▸ What you will do: Here, the job is to give back every entry below unchanged, omitting pictures.
───── Supplied records ─────
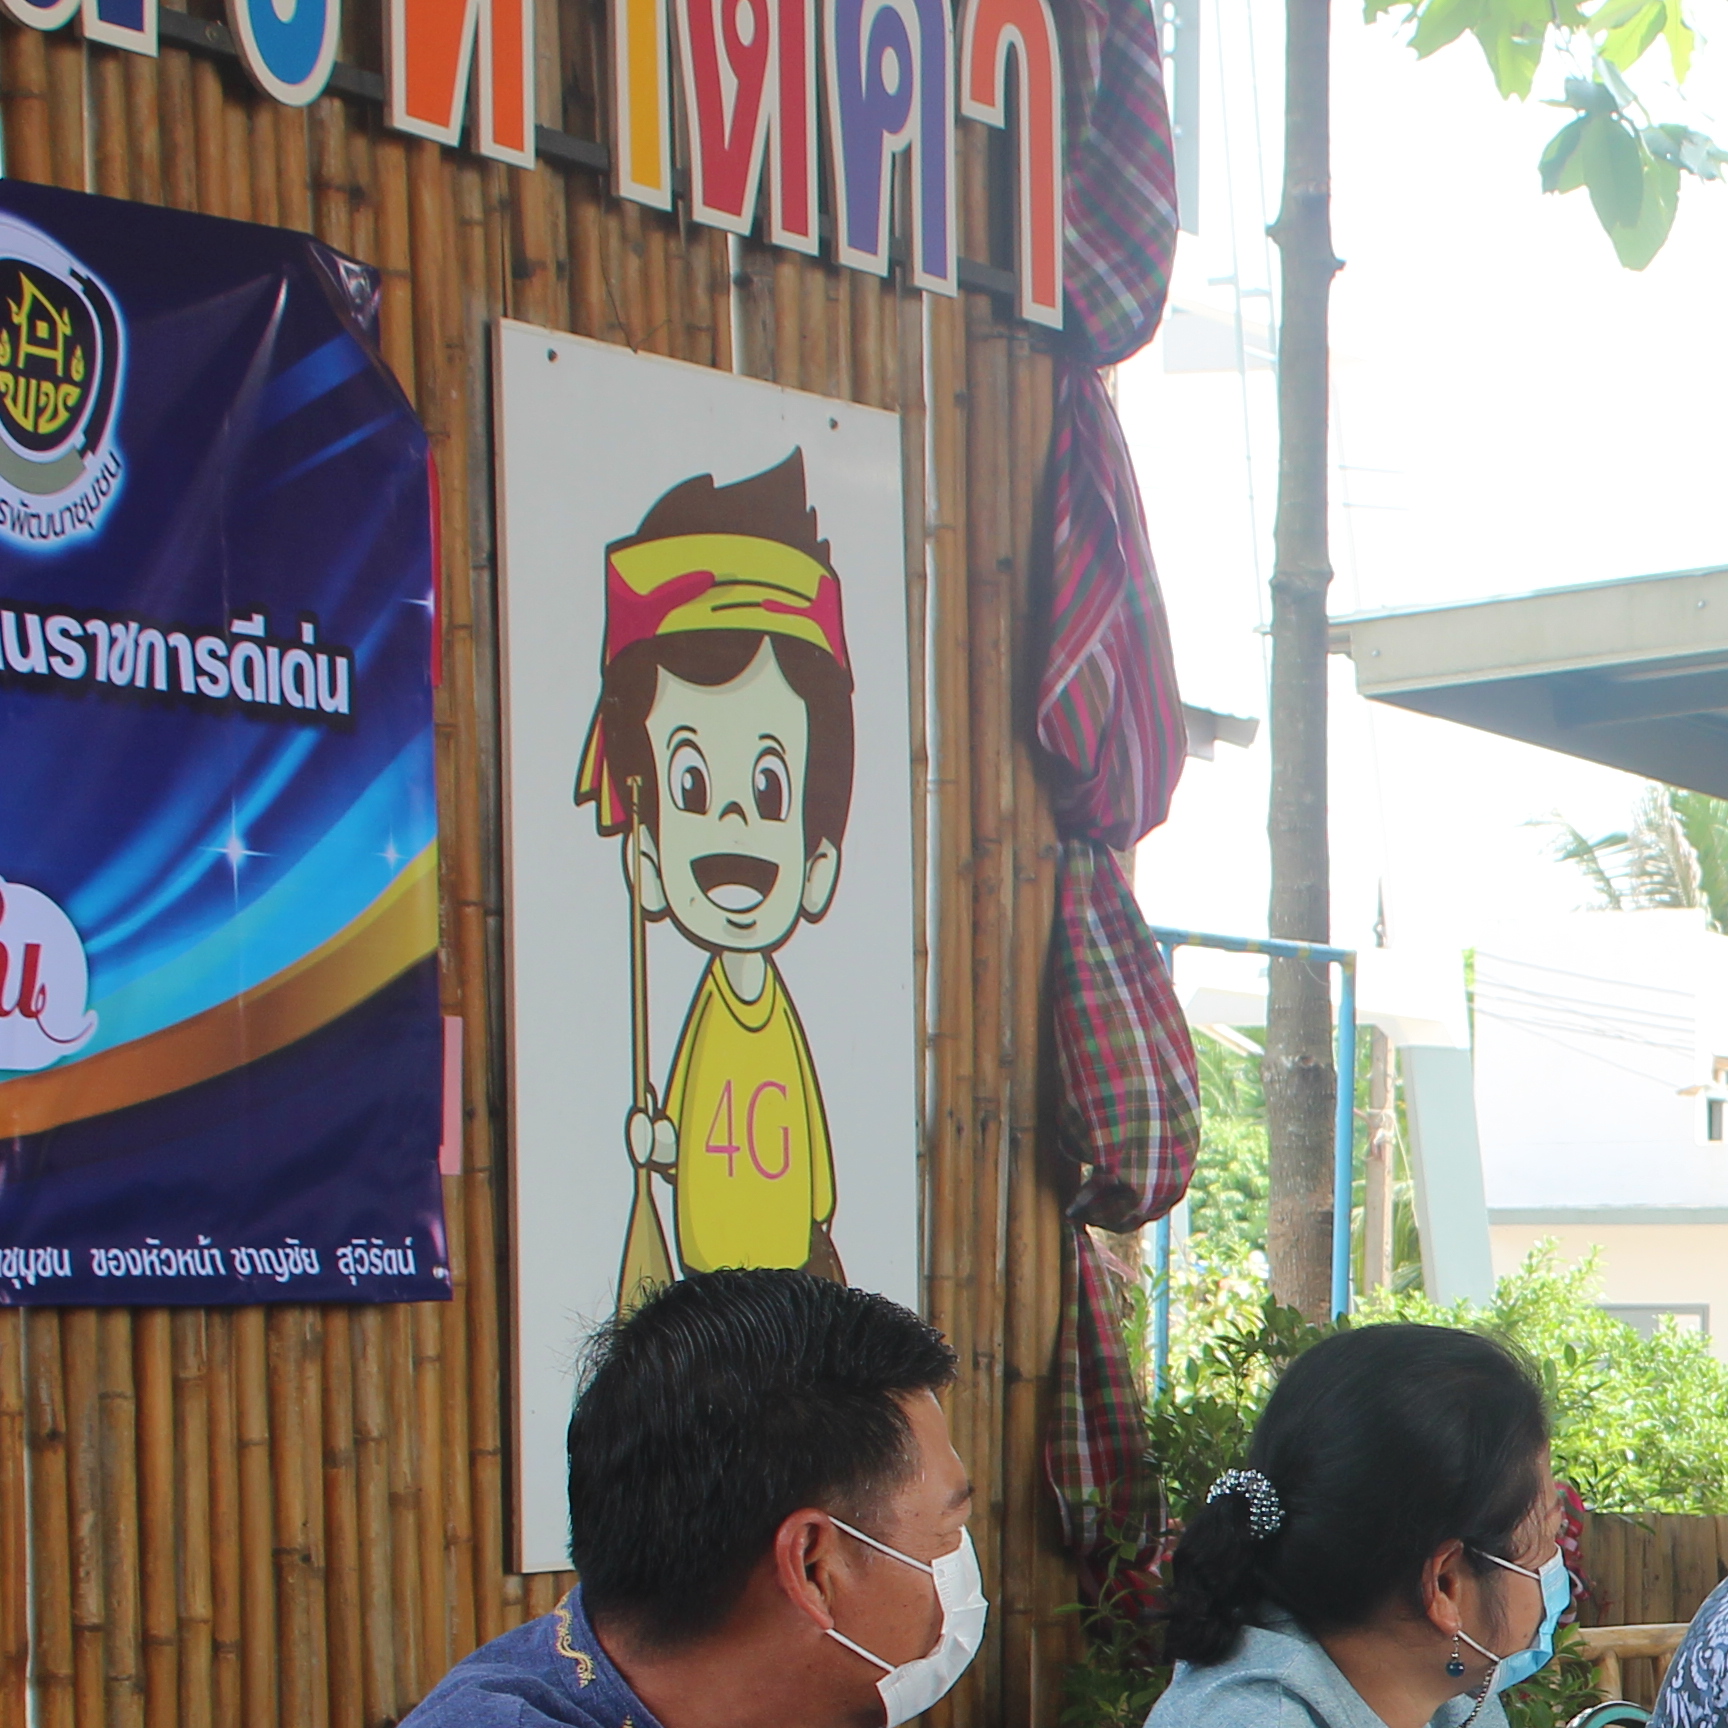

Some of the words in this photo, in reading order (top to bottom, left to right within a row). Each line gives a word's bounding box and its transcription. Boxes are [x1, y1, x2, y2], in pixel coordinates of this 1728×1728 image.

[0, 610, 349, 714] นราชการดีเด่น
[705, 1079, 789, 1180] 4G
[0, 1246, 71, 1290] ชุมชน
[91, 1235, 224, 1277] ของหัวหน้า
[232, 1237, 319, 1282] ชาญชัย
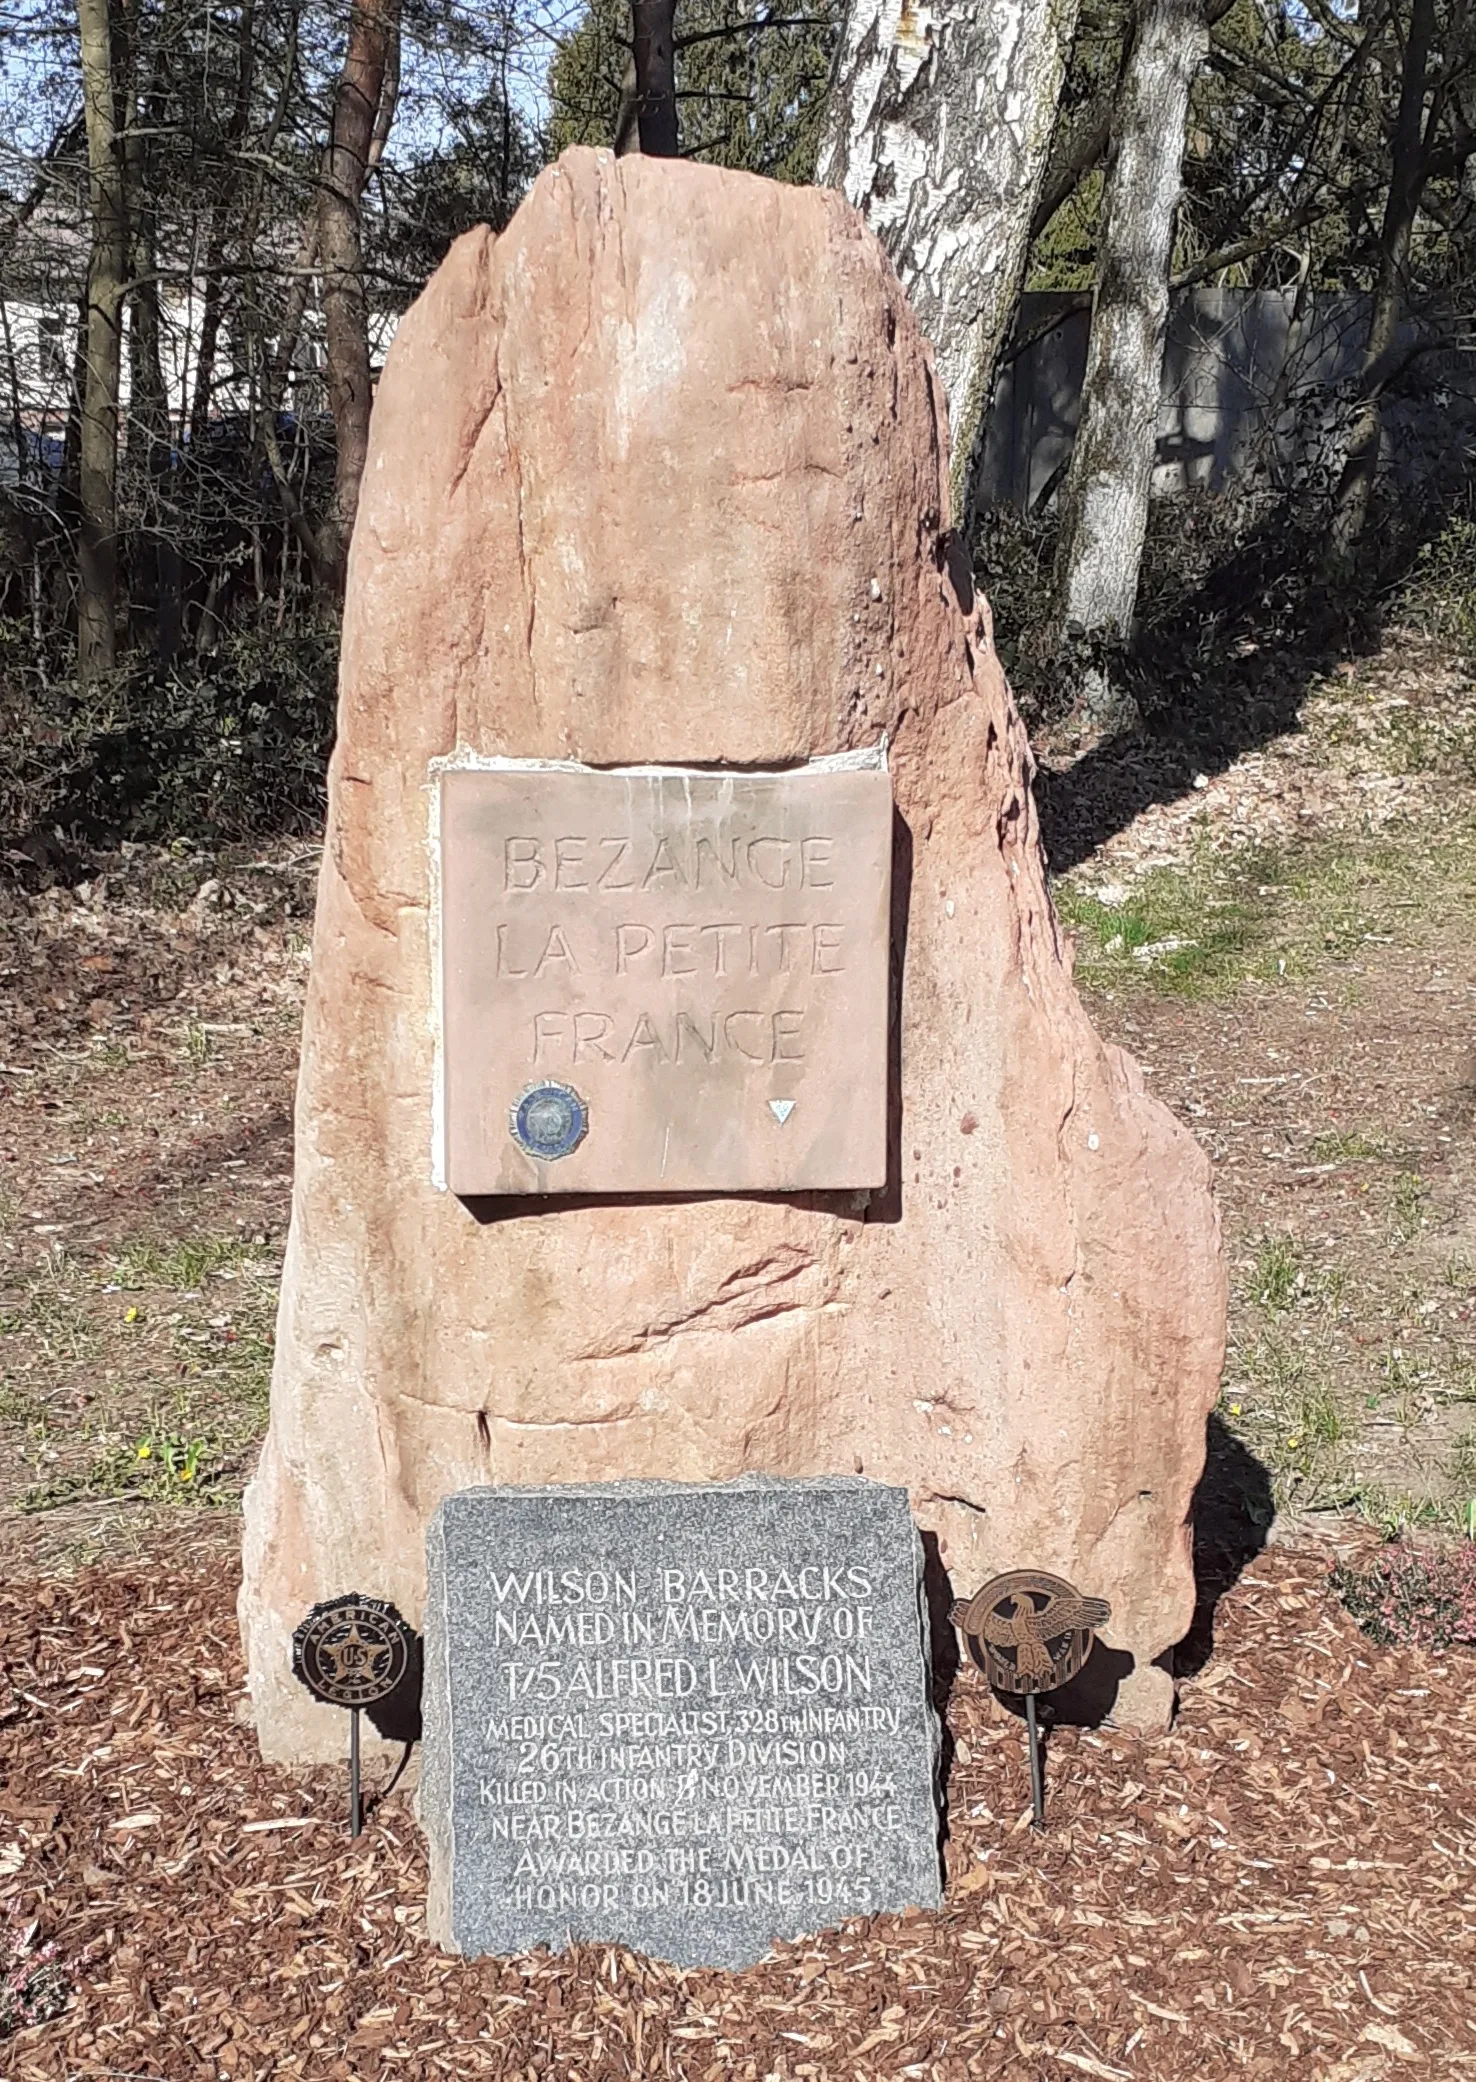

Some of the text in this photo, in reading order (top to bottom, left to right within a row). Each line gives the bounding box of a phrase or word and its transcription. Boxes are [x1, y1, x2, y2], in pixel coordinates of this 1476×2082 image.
─────
▸ Output:
Some of the words in this photo, in reading order (top to bottom, left to right within a row). Each line gives a word's bounding box and its transcription. Boxes are [x1, y1, x2, y2], in pixel coordinates of this 1728×1728 image.

[0, 610, 349, 714] นราชการดีเด่น
[705, 1079, 789, 1180] 4G
[0, 1246, 71, 1290] ชุมชน
[91, 1235, 224, 1277] ของหัวหน้า
[232, 1237, 319, 1282] ชาญชัย

Some of the text in this photo, in reading order (top to bottom, left to right within a row). Each line gives the bounding box of a phrase or word and its transcription. Boxes are [x1, y1, x2, y2], in pixel coordinates of this 1476×2082 image.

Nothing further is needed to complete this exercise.